The other environmentally induced means of asexual reproduction is the formation of anthocauli in fungiid corals. The environmental stressor is typically an injury to the original polyp, such as burial, stinging by an adjacent anemone or coral, or predation by fish or invertebrates. The area of tissue loss soon produces tiny individual polyps called anthocauli. These form a skeleton of their own as they grow, and eventually they separate from the original injured fungiid, forming a complete new coral. The small point of attachment, once broken, forms a new anthocaulus on the original Fungia, so the reproduction is perpetual. Hobbyists have used such injured, reproductive Fungia and Herpolitha specimens to propagate new colonies for sale and trade.

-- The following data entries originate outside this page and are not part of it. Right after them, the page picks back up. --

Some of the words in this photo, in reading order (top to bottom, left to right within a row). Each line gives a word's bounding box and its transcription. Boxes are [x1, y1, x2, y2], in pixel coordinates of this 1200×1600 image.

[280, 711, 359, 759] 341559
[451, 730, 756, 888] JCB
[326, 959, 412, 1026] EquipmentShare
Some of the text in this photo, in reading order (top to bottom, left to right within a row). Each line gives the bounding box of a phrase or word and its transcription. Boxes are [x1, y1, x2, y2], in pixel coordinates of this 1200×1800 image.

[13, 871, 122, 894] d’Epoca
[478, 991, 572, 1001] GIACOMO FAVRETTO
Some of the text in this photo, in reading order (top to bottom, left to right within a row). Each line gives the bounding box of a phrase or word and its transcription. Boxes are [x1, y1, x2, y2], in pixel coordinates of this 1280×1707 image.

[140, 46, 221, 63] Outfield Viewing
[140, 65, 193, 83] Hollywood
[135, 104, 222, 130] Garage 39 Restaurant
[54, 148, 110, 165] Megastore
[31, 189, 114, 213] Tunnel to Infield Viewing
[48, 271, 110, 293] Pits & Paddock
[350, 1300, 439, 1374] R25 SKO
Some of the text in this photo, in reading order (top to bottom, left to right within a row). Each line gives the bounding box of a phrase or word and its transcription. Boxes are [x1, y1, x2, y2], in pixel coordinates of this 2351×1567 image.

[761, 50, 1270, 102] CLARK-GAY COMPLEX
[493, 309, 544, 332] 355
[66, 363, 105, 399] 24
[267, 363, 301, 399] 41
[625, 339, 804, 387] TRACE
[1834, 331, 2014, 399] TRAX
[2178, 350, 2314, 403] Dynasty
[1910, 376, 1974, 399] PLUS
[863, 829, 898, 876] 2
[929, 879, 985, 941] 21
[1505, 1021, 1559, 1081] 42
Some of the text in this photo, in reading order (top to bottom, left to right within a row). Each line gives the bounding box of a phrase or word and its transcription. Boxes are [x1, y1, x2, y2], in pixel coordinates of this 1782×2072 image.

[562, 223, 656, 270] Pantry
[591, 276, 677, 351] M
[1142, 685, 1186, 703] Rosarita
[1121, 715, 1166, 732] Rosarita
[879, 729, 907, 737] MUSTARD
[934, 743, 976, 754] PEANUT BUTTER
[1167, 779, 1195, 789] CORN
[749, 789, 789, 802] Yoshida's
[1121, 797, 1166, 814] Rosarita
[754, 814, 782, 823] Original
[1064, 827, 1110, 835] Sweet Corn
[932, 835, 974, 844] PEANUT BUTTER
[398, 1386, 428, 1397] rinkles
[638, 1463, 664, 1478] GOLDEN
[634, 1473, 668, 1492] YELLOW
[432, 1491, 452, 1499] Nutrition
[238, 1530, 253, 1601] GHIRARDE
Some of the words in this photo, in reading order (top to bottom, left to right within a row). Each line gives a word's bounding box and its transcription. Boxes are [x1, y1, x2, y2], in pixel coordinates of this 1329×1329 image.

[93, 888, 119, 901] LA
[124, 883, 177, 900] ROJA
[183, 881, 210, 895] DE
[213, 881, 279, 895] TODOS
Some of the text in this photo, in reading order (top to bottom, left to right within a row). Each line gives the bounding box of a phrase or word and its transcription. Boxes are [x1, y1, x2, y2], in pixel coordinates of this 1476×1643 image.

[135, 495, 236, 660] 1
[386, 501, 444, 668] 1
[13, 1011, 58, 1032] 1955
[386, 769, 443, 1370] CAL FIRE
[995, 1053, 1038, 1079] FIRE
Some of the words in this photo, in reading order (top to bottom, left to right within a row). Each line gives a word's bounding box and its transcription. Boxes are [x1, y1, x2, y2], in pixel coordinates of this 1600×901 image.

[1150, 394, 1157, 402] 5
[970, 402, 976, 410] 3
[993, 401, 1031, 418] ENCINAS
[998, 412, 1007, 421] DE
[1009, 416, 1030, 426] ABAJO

Finally, Euphyllia, Catalaphyllia and Trachyphyllia species may also produce new polyps like anthocauli between the septae when injured, and Euphyllia spp. regularly bud new polyps along the walls of the skeleton when they are healthy. These new polyps break off at the constricted point of attachment when they are large enough, or fuse with the main colony to form a new branch (Delbeek and Sprung 1994).
Zoanthids (button polyps) are generally very easy to keep and propagate, and they come in numerous colors and shapes. They form colonies on live rock and spread as an encrusting growth. Requirements include moderate to strong light and medium to strong water motion. Some genera, such as Palythoa spp. will feed.
Parazoanthus gracilis is a species that is commonly available to hobbyists. These colonies are usually bright yellow, but in the aquarium they tend to darken to a yellowish-brown color due to the increase of zooxanthellae pigments. Some of the larger-tentacled species (i.e., Palythoa and Parazoanthus) will feed on adult brine shrimp and blackworms, but if fish are present in the aquarium, enough stray food particles should reach the zoanthids.
Keeping corals in captivity is not as difficult a task as many would have you believe, but it is not without its problems. Rapid changes in water quality, sudden outbreaks of undesirable algae growth and other unexpected maladies can tax the patience and resolve of even the most experienced hobbyist. However, the potential rewards and satisfaction that can be gained from a thriving captive reef ecosystem is a powerful lure for many aquarists.